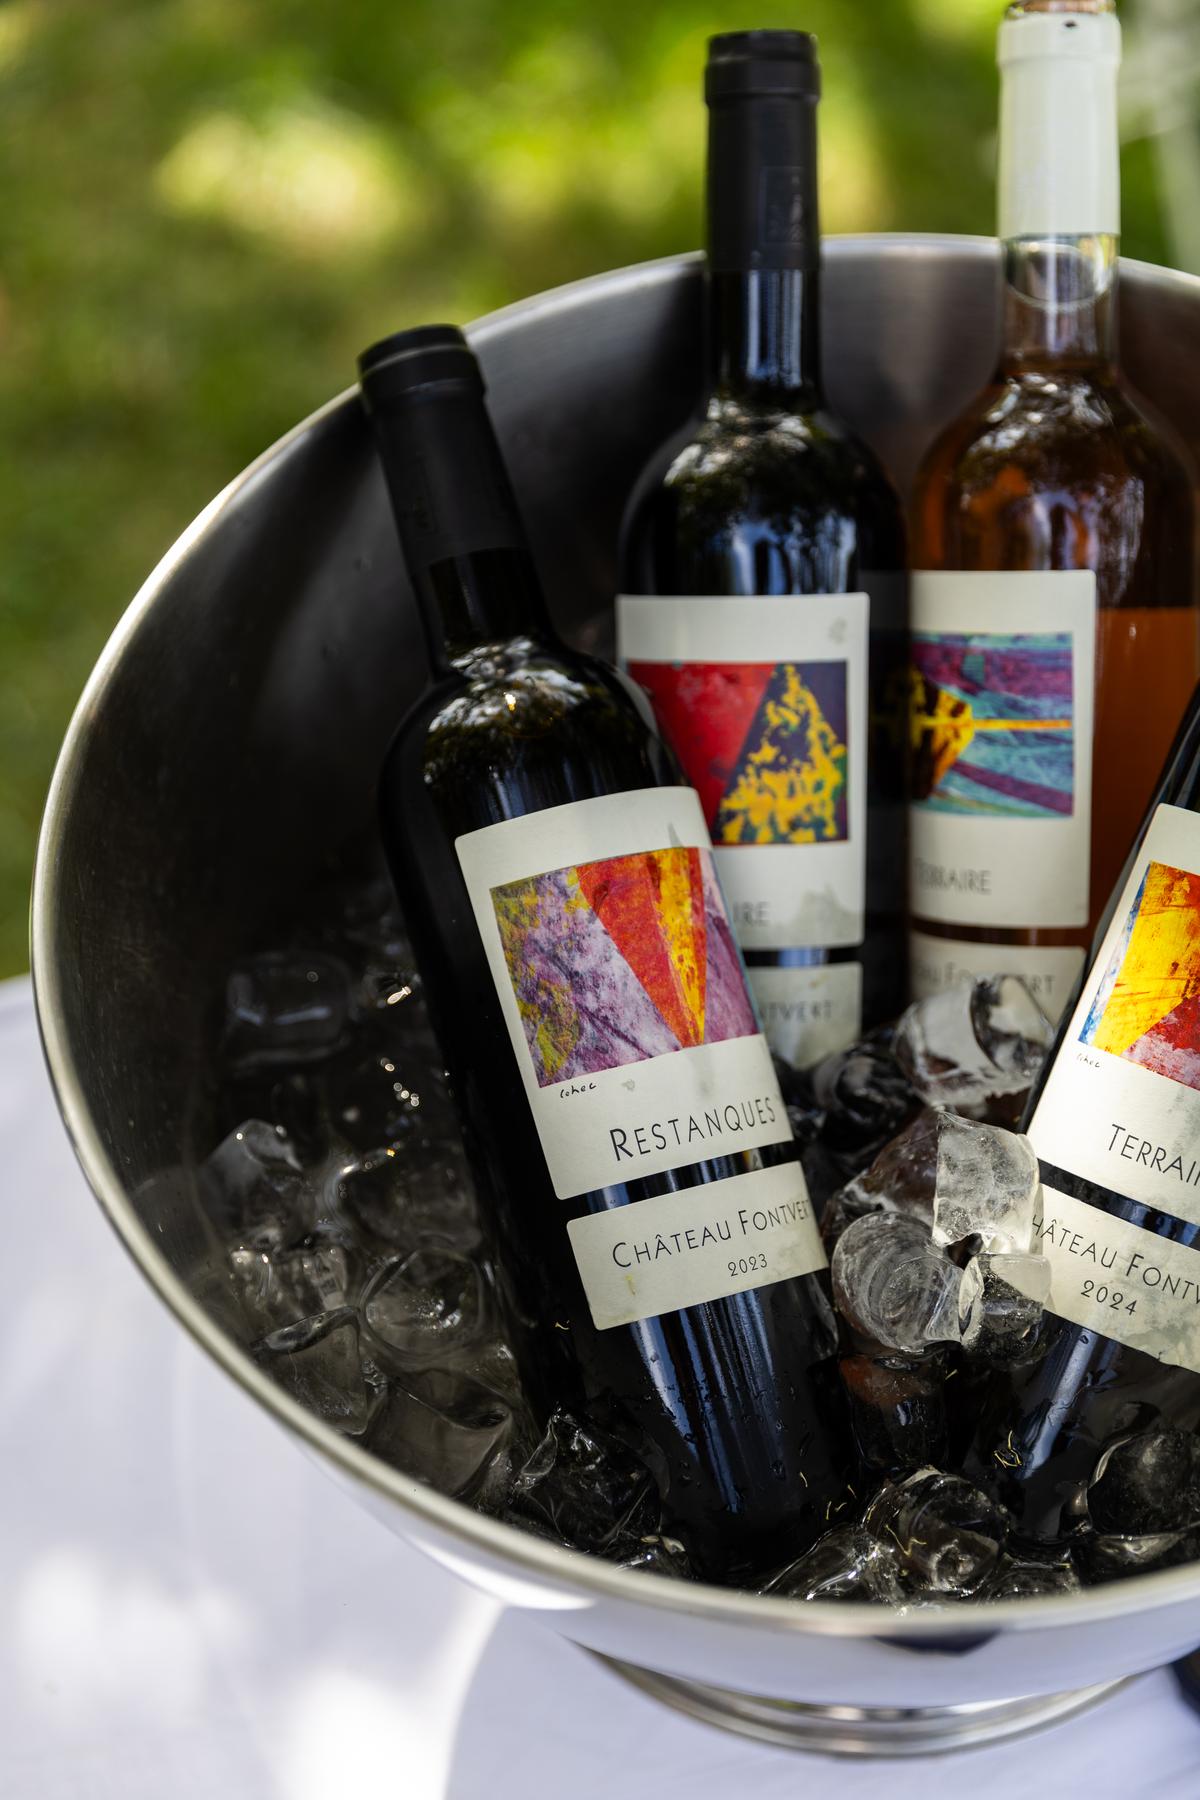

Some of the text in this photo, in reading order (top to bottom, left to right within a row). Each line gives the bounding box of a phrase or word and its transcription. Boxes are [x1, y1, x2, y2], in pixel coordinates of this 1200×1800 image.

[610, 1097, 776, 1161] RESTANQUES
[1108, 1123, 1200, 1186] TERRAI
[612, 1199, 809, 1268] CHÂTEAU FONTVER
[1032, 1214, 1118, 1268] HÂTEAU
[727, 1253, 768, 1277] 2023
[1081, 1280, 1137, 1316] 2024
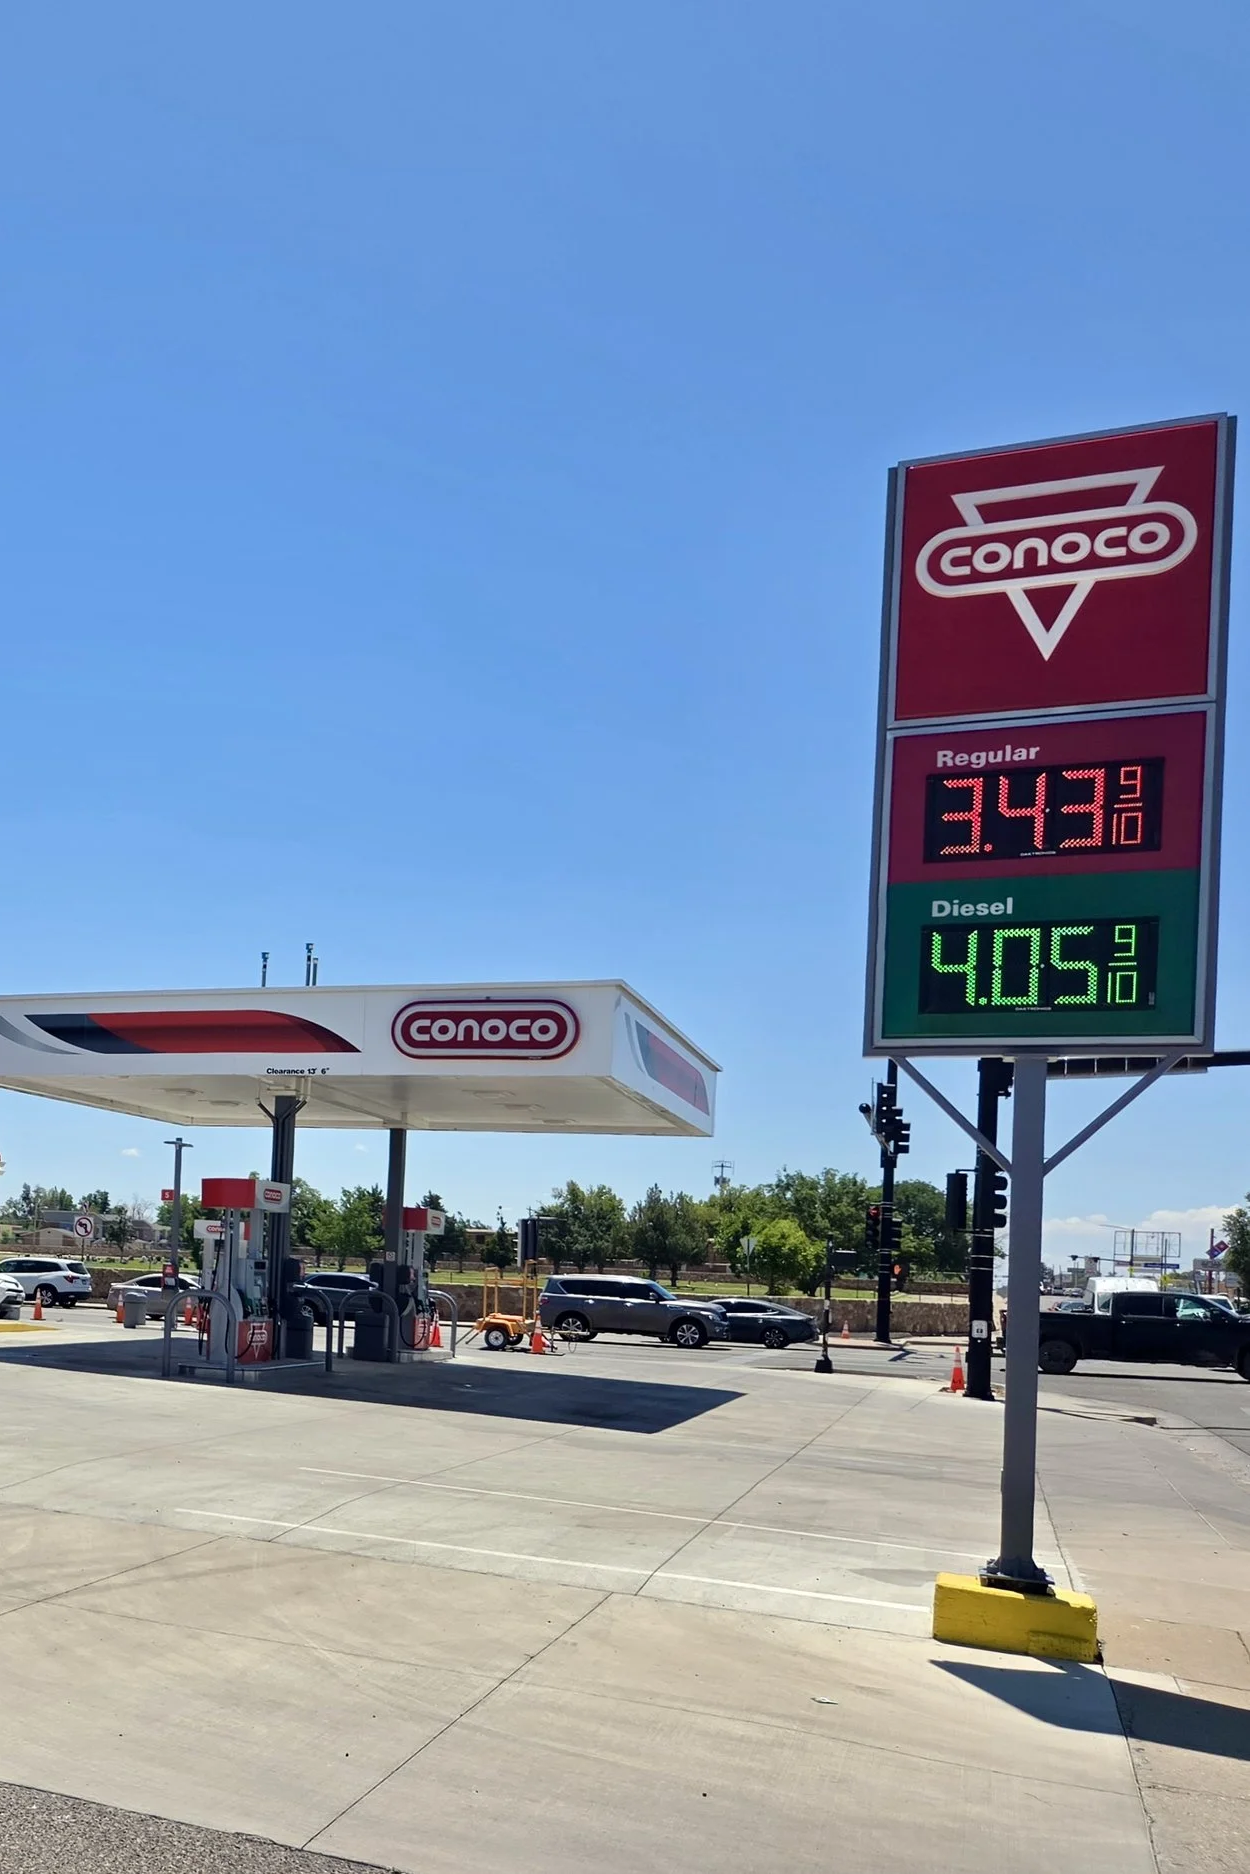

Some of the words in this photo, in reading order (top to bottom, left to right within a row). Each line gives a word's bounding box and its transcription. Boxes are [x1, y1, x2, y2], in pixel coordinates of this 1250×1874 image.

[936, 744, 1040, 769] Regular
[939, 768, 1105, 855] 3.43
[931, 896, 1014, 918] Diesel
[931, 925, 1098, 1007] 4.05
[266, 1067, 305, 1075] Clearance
- - - - - - -
§ WORK ORDER:
The expected output is the run of lines from the one that includes "Some of the words" through the end of the listing above, exactly as they stand.

§ WRITTEN ANSWER:
Some of the words in this photo, in reading order (top to bottom, left to right within a row). Each line gives a word's bounding box and its transcription. Boxes are [x1, y1, x2, y2], in pixel coordinates of this 1250×1874 image.

[936, 744, 1040, 769] Regular
[939, 768, 1105, 855] 3.43
[931, 896, 1014, 918] Diesel
[931, 925, 1098, 1007] 4.05
[266, 1067, 305, 1075] Clearance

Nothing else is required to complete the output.